[Aim of the task] Every record below must be written out exactly. Leave out the pictures.

Content starts

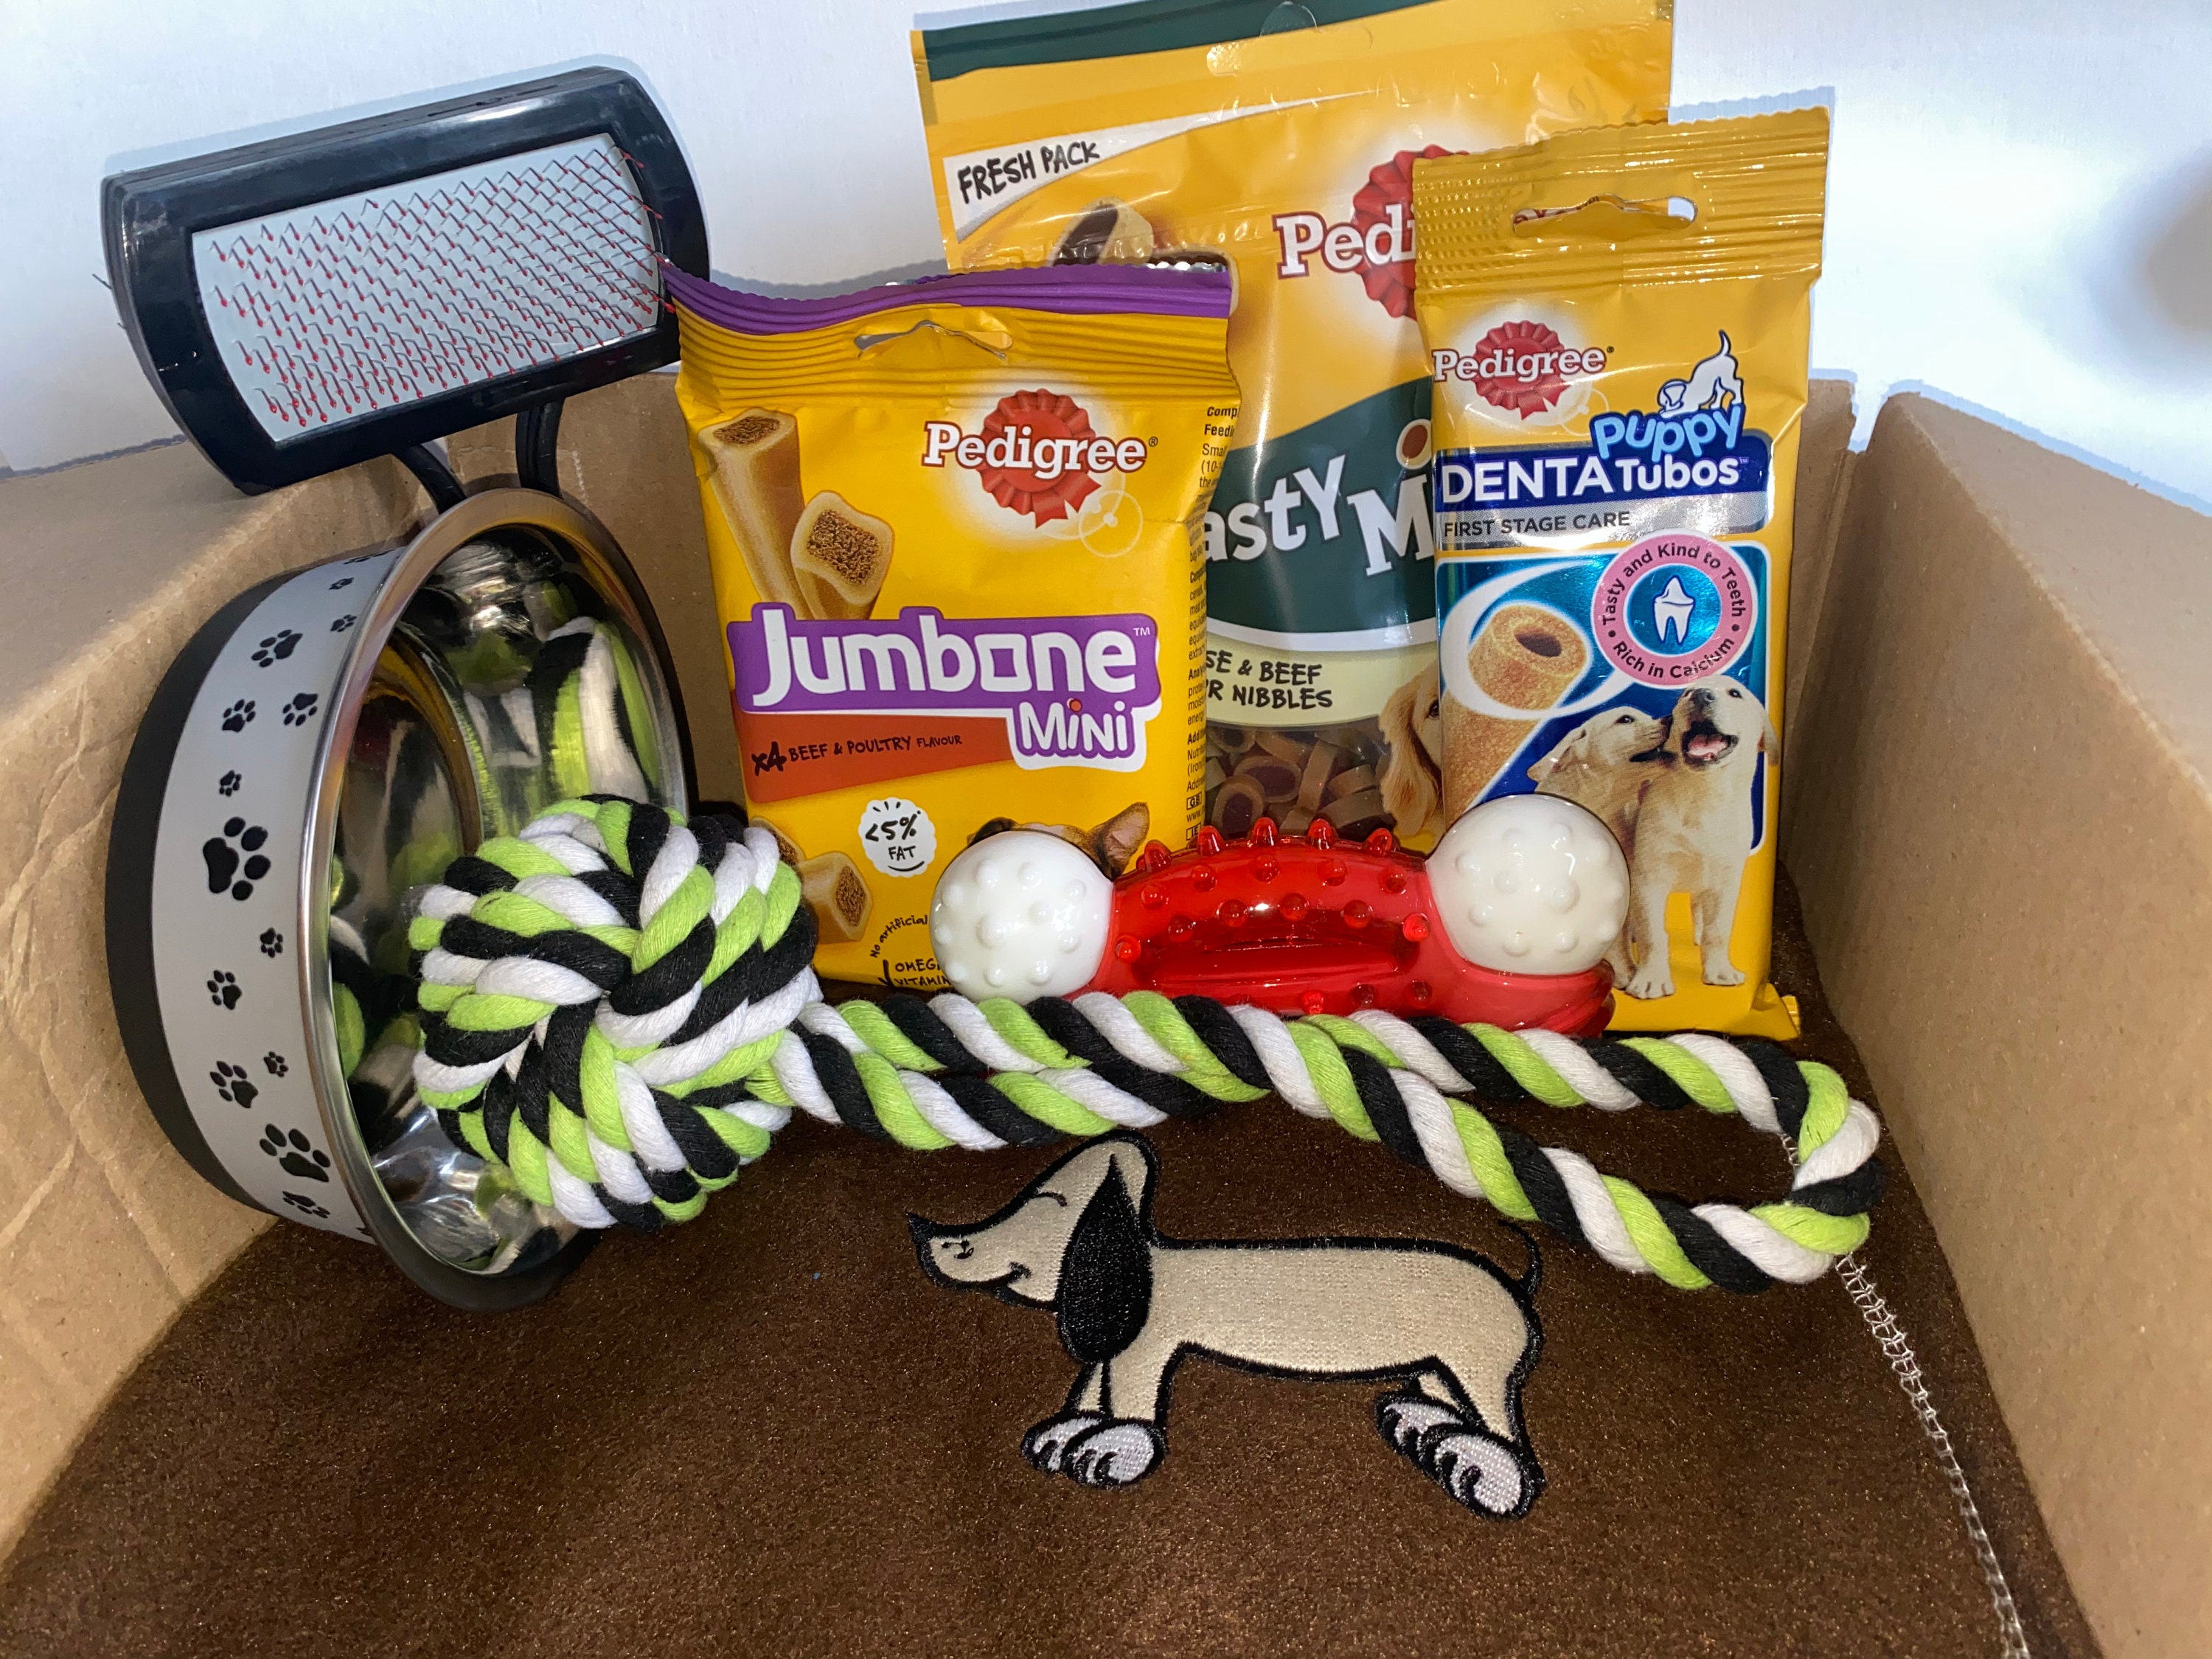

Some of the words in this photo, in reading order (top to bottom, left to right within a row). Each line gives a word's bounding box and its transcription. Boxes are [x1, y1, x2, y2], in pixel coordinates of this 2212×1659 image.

[958, 150, 1036, 204] FRESH
[1040, 141, 1100, 173] PACK
[1347, 474, 1434, 577] M
[1444, 521, 1494, 537] FIRST
[1501, 515, 1566, 534] STAGE
[1573, 510, 1630, 530] CARE
[1602, 577, 1625, 625] Tasty
[1622, 549, 1653, 577] and
[1658, 543, 1700, 559] Kind
[1703, 552, 1720, 569] to
[1722, 567, 1746, 617] Teeth
[1237, 659, 1253, 676] &
[1259, 661, 1322, 686] BEEF
[1613, 640, 1645, 672] Rich
[1648, 663, 1663, 678] in
[1670, 637, 1735, 678] Calcium
[1232, 684, 1333, 709] NIBBLES
[751, 741, 787, 776] x4
[788, 743, 827, 762] BEEF
[833, 742, 843, 756] &
[847, 736, 911, 755] POULTRY
[917, 734, 962, 748] FLAVOUR
[865, 813, 917, 842] <5%
[888, 845, 917, 860] FAT
[870, 945, 881, 959] No
[880, 914, 928, 942] artificial

Content ends

[Answer to this problem]
Some of the words in this photo, in reading order (top to bottom, left to right within a row). Each line gives a word's bounding box and its transcription. Boxes are [x1, y1, x2, y2], in pixel coordinates of this 2212×1659 image.

[958, 150, 1036, 204] FRESH
[1040, 141, 1100, 173] PACK
[1347, 474, 1434, 577] M
[1444, 521, 1494, 537] FIRST
[1501, 515, 1566, 534] STAGE
[1573, 510, 1630, 530] CARE
[1602, 577, 1625, 625] Tasty
[1622, 549, 1653, 577] and
[1658, 543, 1700, 559] Kind
[1703, 552, 1720, 569] to
[1722, 567, 1746, 617] Teeth
[1237, 659, 1253, 676] &
[1259, 661, 1322, 686] BEEF
[1613, 640, 1645, 672] Rich
[1648, 663, 1663, 678] in
[1670, 637, 1735, 678] Calcium
[1232, 684, 1333, 709] NIBBLES
[751, 741, 787, 776] x4
[788, 743, 827, 762] BEEF
[833, 742, 843, 756] &
[847, 736, 911, 755] POULTRY
[917, 734, 962, 748] FLAVOUR
[865, 813, 917, 842] <5%
[888, 845, 917, 860] FAT
[870, 945, 881, 959] No
[880, 914, 928, 942] artificial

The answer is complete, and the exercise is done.